Sprites: the image an object uses to display itself.
Sounds: such as theme music or sound effects for collisions, deaths, explosions
Backgrounds: the image used as backdrop scenery for a room.
Events & actions the ways objects interact, and what an object does in response to an interaction.
Games in Gamemaker take place in the rooms. Rooms are typically the sky for an aeroplane game, the roadway for a car game, the walls of a maze, or that sort of thing. They have background pictures are essentially static scenery. There are some backgrounds predefined in the programs’ resources. Rooms have the main players, objects placed in them. Objects are the things that interact in the game. They might be moving things such as: balls, planes, cars, ghosts, Pac-man, monsters, or they might be just sitting there and not actually moving: like walls, fences, holes ponds and secret trapdoors. The moving objects can react to player directions from the keyboard, mouse or joysticks. Objects are really the main conceptual tools that Gamemaker operates with.

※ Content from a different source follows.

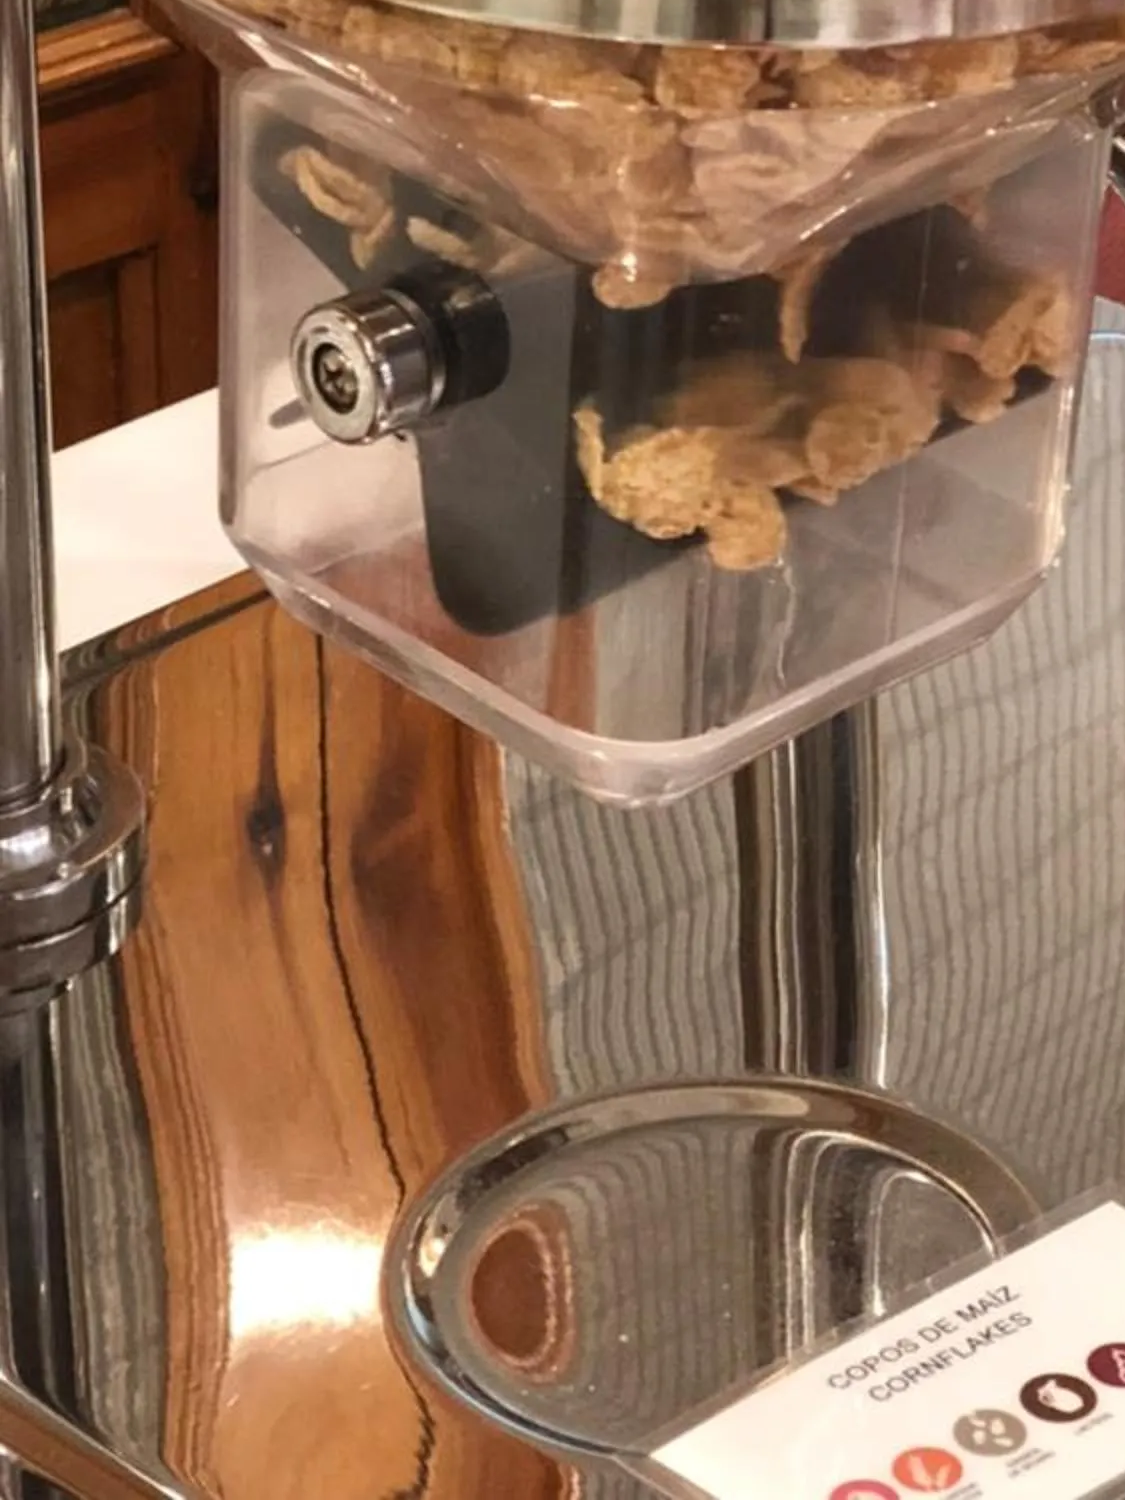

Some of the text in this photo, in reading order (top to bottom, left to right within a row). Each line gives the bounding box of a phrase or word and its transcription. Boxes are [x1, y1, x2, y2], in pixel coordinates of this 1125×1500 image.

[827, 1337, 920, 1390] COPOS
[917, 1317, 960, 1343] DE
[868, 1311, 1034, 1402] CORNFLAKES

Rooms can be used for levels in your game or to move to different scenes. One room might be a splash screen. There could be goals to achieve to move from one room to another, such as capturing all the diamonds in a room, or pressing on the secret door. Rooms all have a background. This can be a simple colour, texture or a picture. These background images can be created in Gamemaker or they can loaded from files. The background can do other things too but in this introduction, just consider it as something for aesthetic appeal.
An object usually has an image that represents it. These images are known as sprites. Sprites can be single images, or different series of images. The character moving to the left or the right or up for instance, or the way a plane rotates, or a bomb explodes. Sprites be can created in Gamemaker or imported from files likes gif, jpg bmp or animated gif. They are some in the programs resources.
During the game things will happen to objects, these are called events. When an event occurs an object may react with an action. For example when a ball hits a solid wall, it may rebound. The event is a collision between the ball object and the wall object, the rebound is the action that the ball does.
These events are predefined in the game and are selected from pop up selections and are represented graphically by an icon in an event list. The event that an action causes is selected from a list of icons and dragged over to match the event. A creation event when the object gets created, such when the game starts. For example, when a ball object gets created it might be rolling slowly to the right at a certain height on the screen. When two objects meet you get a collision event. This might cause the action of the ball stopping or reversing direction. Another action at the same time might be a sound effect like a boing being heard. Pressing a key on the keyboard causes a keyboard event. If the key is a cursor key the object might respond with an appropriate action, like moving in the direction of that cursor key.
There is another level at which Gamemaker can be used using scripting (or program code.) This uses other type of resource: scripts. Using these small pieces of code expands the dimensions of Gamemaker greatly, but they are not treated here.